With all due respect, this was kind of my point—although I am willing to say that using feelings to trump hard data is bad. It strikes me as problematic that Mormons reach so readily for what they “feel” (which is highly subjective) instead of being willing to reason through what can be empirically observed.
When people say things like “I don’t feel unequal,” it leaves me shaking my head both because equality isn’t about what you feel, and because it’s thought-stopping rhetoric of sorts that shuts down the conversation. After all, all I can really say to someone who has played the “feeling equal” card is that I feel tremendously unequal when I attend an LDS church, and then we’re locked into a variation of the dreaded testimony head-butt.

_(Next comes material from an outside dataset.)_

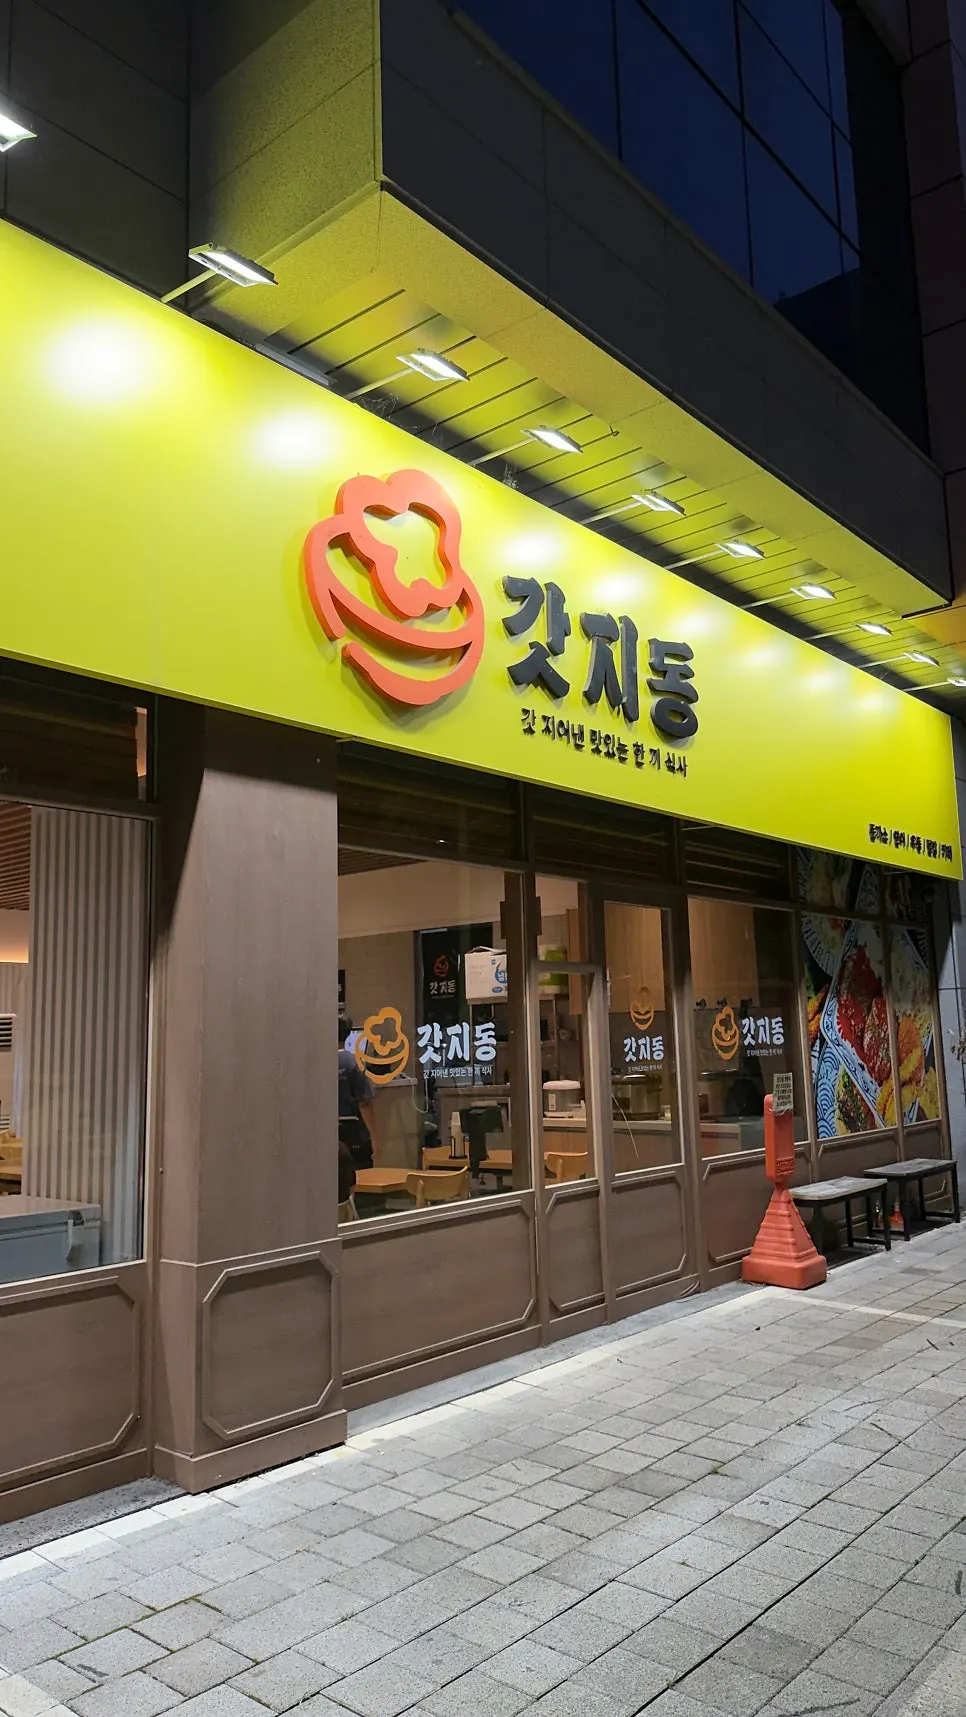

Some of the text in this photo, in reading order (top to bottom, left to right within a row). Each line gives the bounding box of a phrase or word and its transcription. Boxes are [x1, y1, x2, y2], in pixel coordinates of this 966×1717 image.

(And yes, Naismith, feminists sometimes discuss their hurt feelings—but those feelings are usually reactions to empirically observed inequality. The defenders of the status quo under discussion are doing the opposite, starting with good feelings and then using those to insist that things are empirically equal. It’s cart before horse.)
I’m sorry if my frustration comes across as condescending; if that’s the case, I really don’t know how to make it sound not-condescending. I hope the post I linked to shows that I’ve sincerely agonized about how best to respond to Latter-day Saints who play their feelings as truth. That said, I’ve been getting condescended to all over Facebook from LDS defenders of the status quo for the past two weeks. I’ve been repeatedly told that my position is “stupid” and “a joke,” that I’m an “outsider” who doesn’t understand the principles of the gospel, and that I’m not willing to listen to others, whereas probably the worst thing I’ve said to anyone is that their argument isn’t rooted in logic. So I really don’t think that’s some kind of problem with feminism.